For basic help and options, plus a list of available disassembly architectures, 
run cmpdism with no arguments.

cmpdism's main use is comparing two different revisions of compiled program 
code. Let's say we want to compare file1.bin, which contains some binary MOS 
Technologies 6502 code, to file2.bin, which contains binary code assembled from 
a slightly modified version of the same code that produced file1.bin.

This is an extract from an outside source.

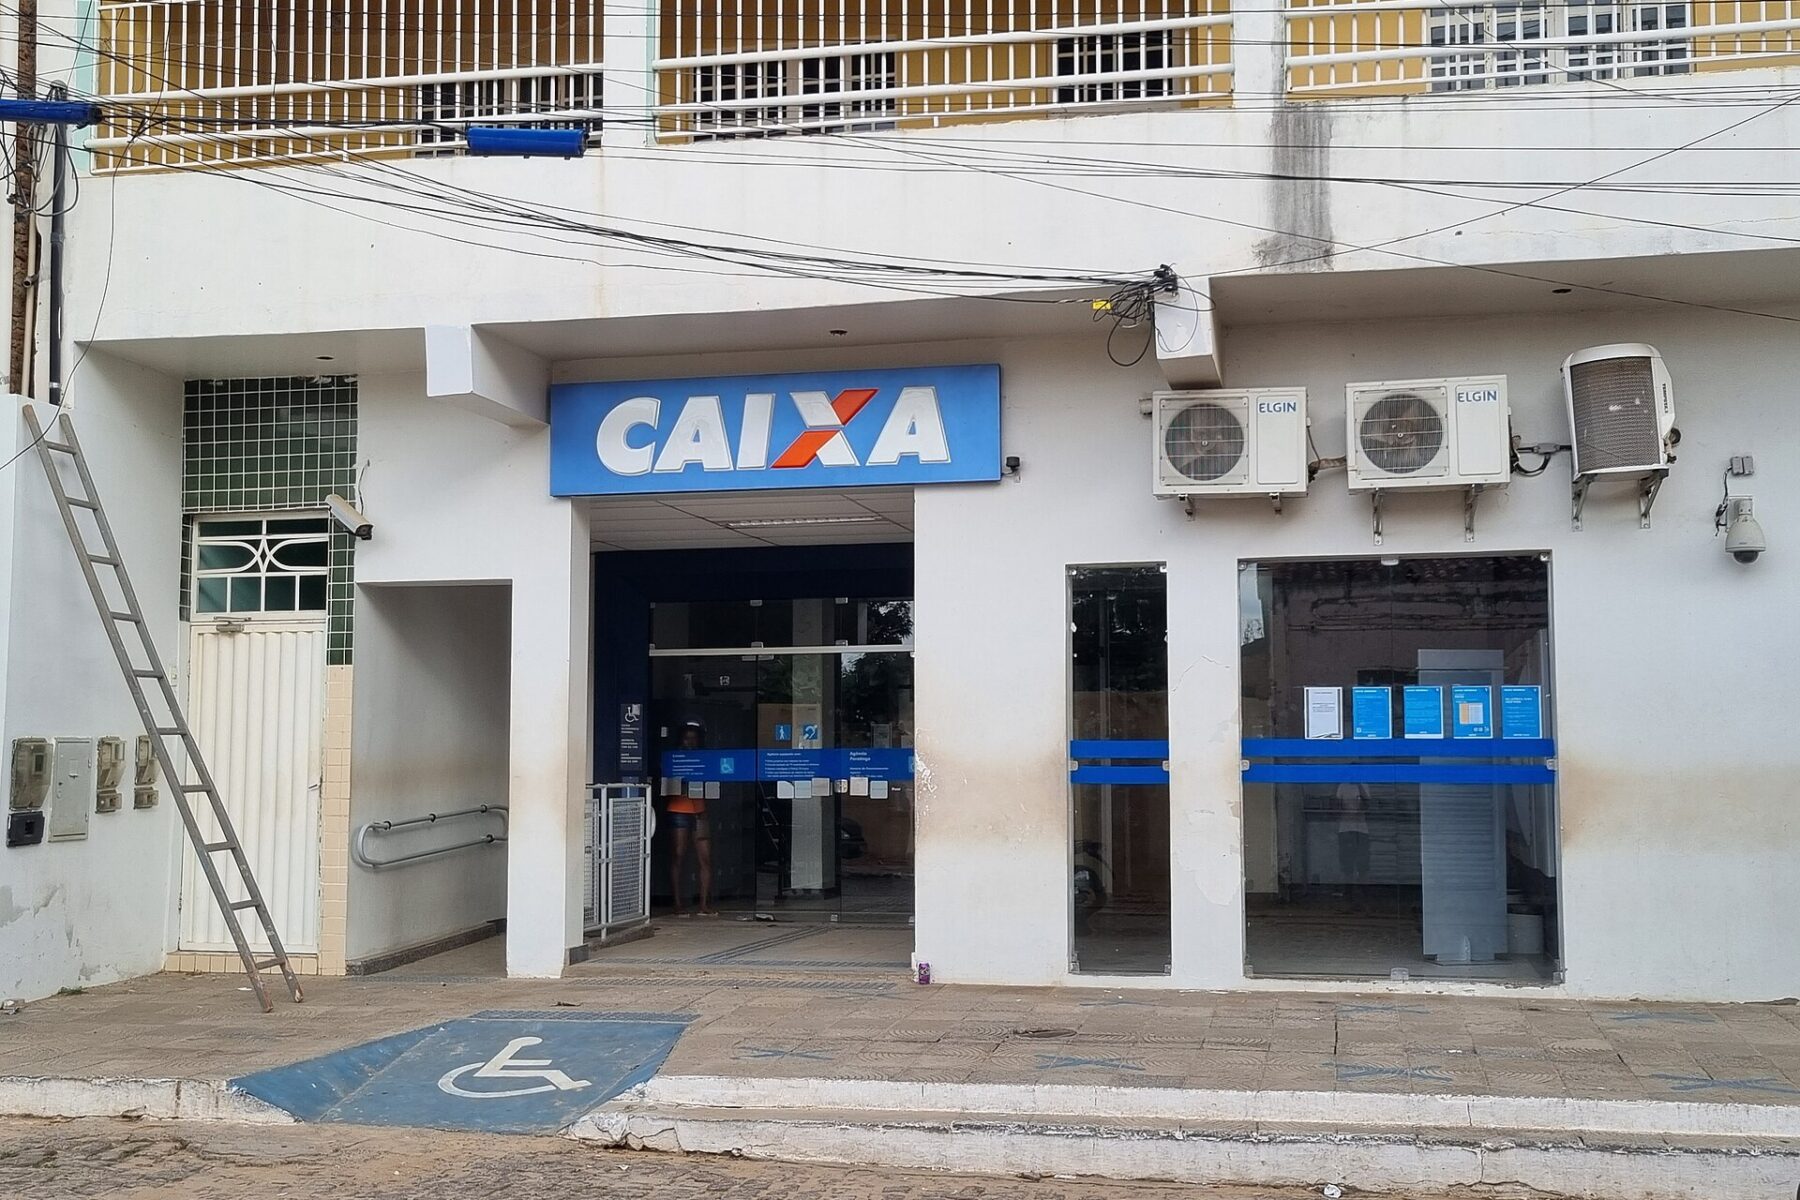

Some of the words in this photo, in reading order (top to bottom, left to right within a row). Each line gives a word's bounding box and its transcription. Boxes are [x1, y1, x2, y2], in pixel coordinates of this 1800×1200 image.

[1458, 390, 1497, 402] ELGIN
[1259, 402, 1296, 413] ELGIN
[596, 386, 951, 476] CAIXA

The most basic comparison is done like this:

  cmpdism 6502 -i1 file1.bin -i2 file2.bin

This will disassemble both files and print to stdout a two-column comparison 
showing the disassemblies and differences between them, with file1.bin on the 
left and file2.bin on the right.

More typically, you'll want to explicitly specify the -r and -m options 
(explained below) as something appropriate for your particular files:

  cmpdism 6502 -i1 file1.bin -i2 file2.bin -r 50 -m 1024

The program can also be run with only one input file to produce a simple 
disassembly:

  cmpdism 6502 -i1 file1.bin

For a disassembly comparison, several symbols are used to show how the code has 
changed:

* A plus (+) indicates code that was added to the second file.
* A minus (-) indicates code that was removed from the second file.
* A star (*) indicates code that was transformed (changed) from the first file 
to the second file.

Thw two most important disassembly options are -r and -m. Using them effectively 
requires some understanding of how the program works, so here's a basic 
explanation:

To deal with cases where code was added or removed in the later version, the 
program searches forward whenever it detects an opcode mismatch, trying to find 
a new positions where the two code revisions realign. The -r parameter controls 
the number of ops that must be sequentially matched in order for the opcodes to 
be considered "realigned". The -m parameter controls the number of ops that the 
program will search forward before concluding that no match exists for the 
current code (thus marking it as "changed" rather than "added" or "removed").

Essentially:
* A higher -r value makes realignment more stringent. This reduces the risk of 
the disassemblies become mistakenly realigned at an incorrect position, but 
makes it more likely that a series of small changes will be misdetected as one 
big block of changes.
* A higher -m value will better detect cases where a lot of code was added or 
removed. It increases the risk of accidental misalignment.

If you're getting massive blocks of + and - sections with a very small 
"alignment" in-between, set your -r value higher.